The booming global luxury market is set to slow to 4-6% by 2015
The global luxury market showed double digit growth in 2012 but is set to slow to 4-6% by 2015, according to consultant Bain and Company in its Luxury Goods Worldwide Market Study, conducted in collaboration with Italian luxury trade body Altagamma.
The worldwide luxury goods market now tops $200bn, and is on track to break the $250bn barrier by 2015. According to Bain, key growth drivers are to include tourists, who are changing their consumption habits, seeking out new destinations such as Dubai, southeast Asia and Australia and are more more informed about the items they purchase.

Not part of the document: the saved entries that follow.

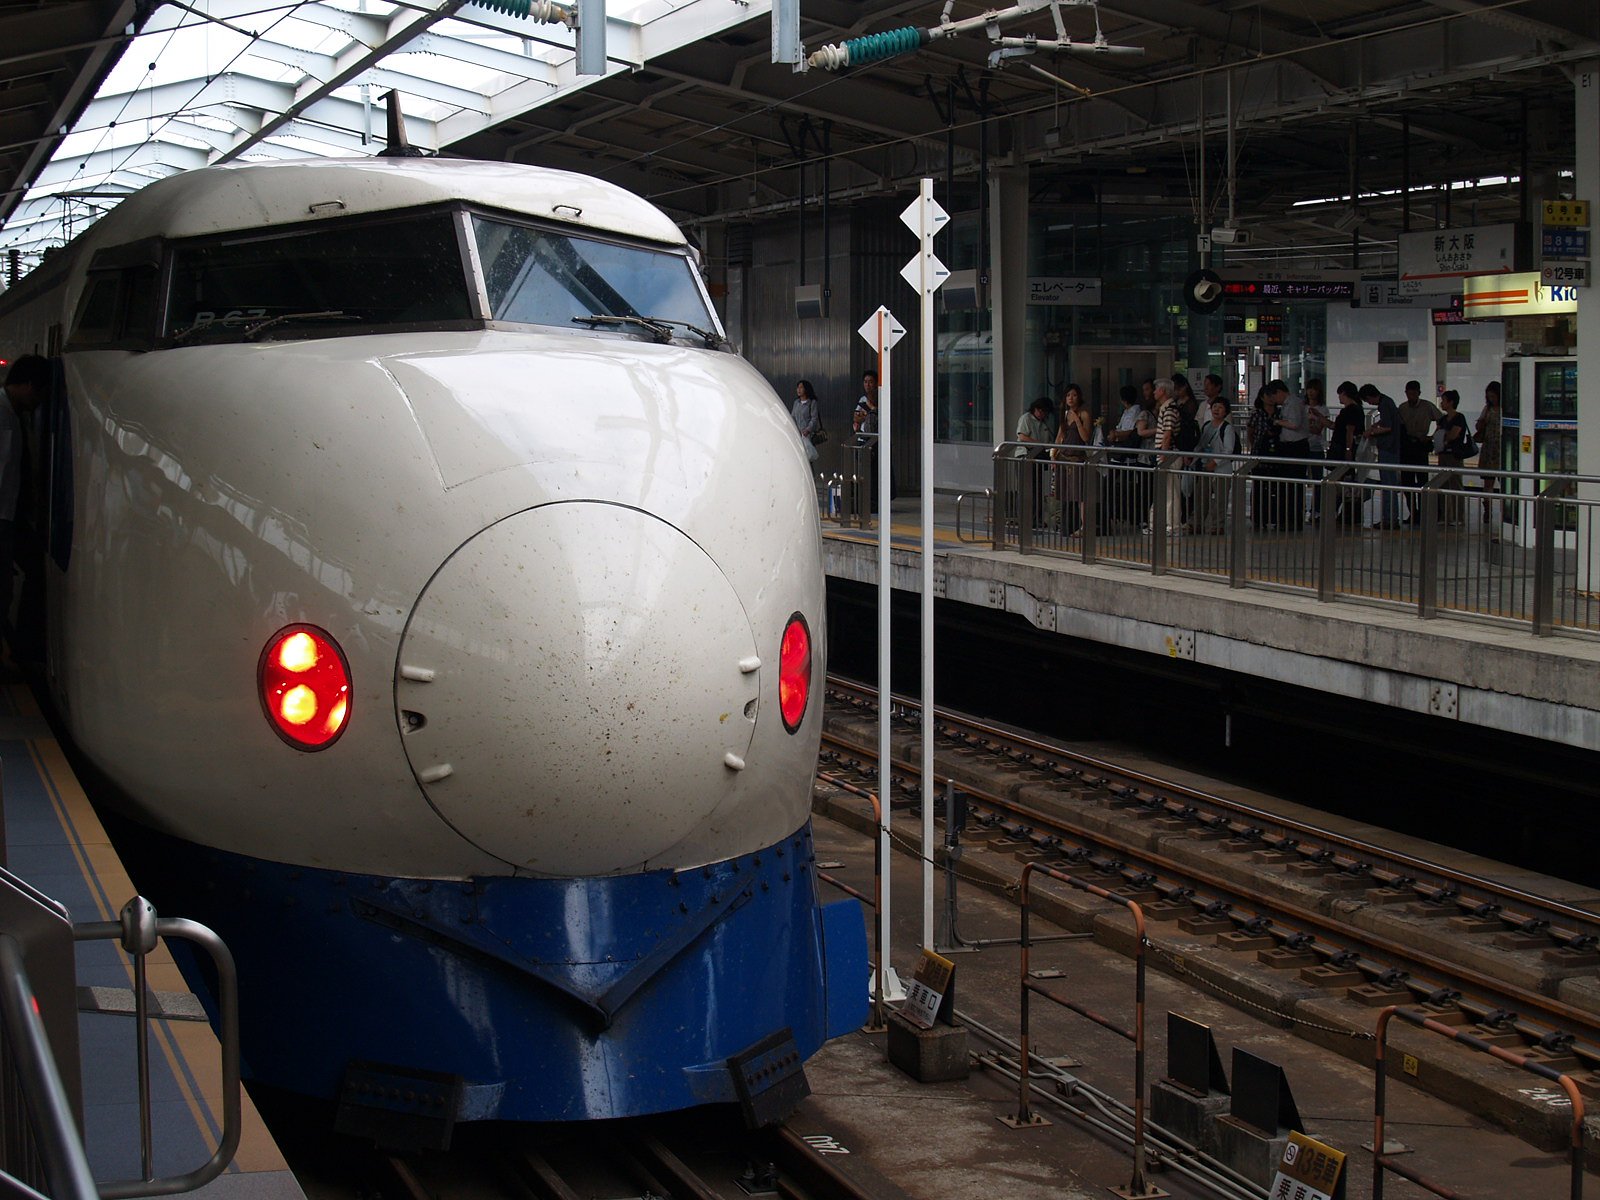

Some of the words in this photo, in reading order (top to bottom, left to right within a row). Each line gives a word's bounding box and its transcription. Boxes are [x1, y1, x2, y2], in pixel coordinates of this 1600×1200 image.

[1434, 233, 1475, 252] 新大阪
[1436, 253, 1472, 262] しんおおさか
[1440, 262, 1469, 272] Shin-Osaka
[1553, 266, 1585, 280] 12号車
[1031, 282, 1096, 293] エレベーター
[1295, 1145, 1339, 1184] 13号車
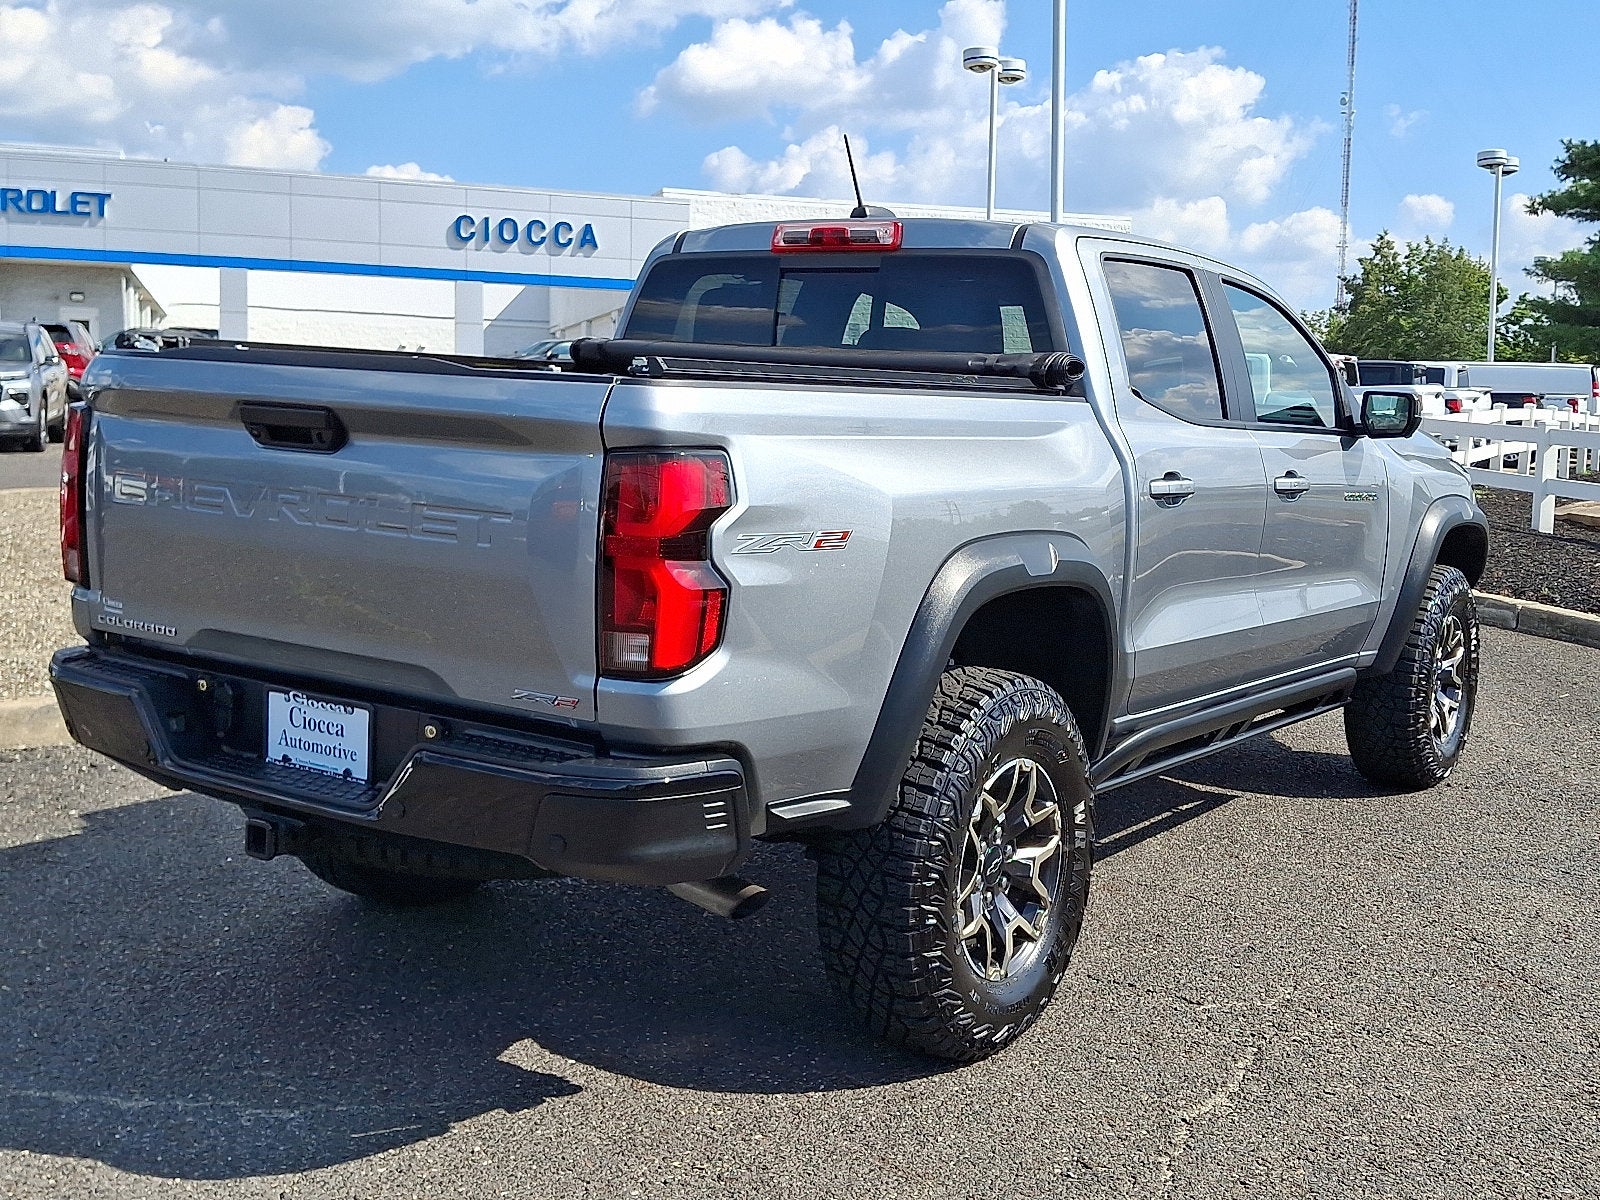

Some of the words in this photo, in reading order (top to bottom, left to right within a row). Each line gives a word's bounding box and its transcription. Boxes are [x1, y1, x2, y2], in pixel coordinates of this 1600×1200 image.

[0, 188, 111, 217] ROLET
[455, 214, 598, 248] CIOCCA
[104, 472, 513, 547] CHEVROLET
[731, 529, 854, 555] ZR2
[98, 615, 177, 637] COLORADO
[290, 691, 345, 714] Ciocca
[511, 688, 579, 709] ZR2
[289, 706, 345, 738] Ciocca
[278, 728, 358, 762] Automotive
[1043, 800, 1087, 975] WRANGLER

The sector will also be driven by increasing numbers of ‘HENRYs’ (High Earnings, Not Rich Yet), who outnumber ultra affluent individuals by ten to one. Meanwhile, the rising middle class in emerging countries such as Brazil are to create a “new baby boom-sized generation” for luxury brands to target. Leather goods and other accessories are tipped to continue growing faster than other categories. And cosmetics, although slowing down in mature markets, is expected to continue growing in emerging markets.
In terms of regions, China is to stabilise to an expected 7%, while southeast Asia is set to experience 20% growth. The Americas are also healthy, at 5-7% growth, along with the Middle East and Japan, which is returning to around 5% growth driven by a change in fiscal policy. Growth in Europe, however, is expected to remain slow at 0-2%.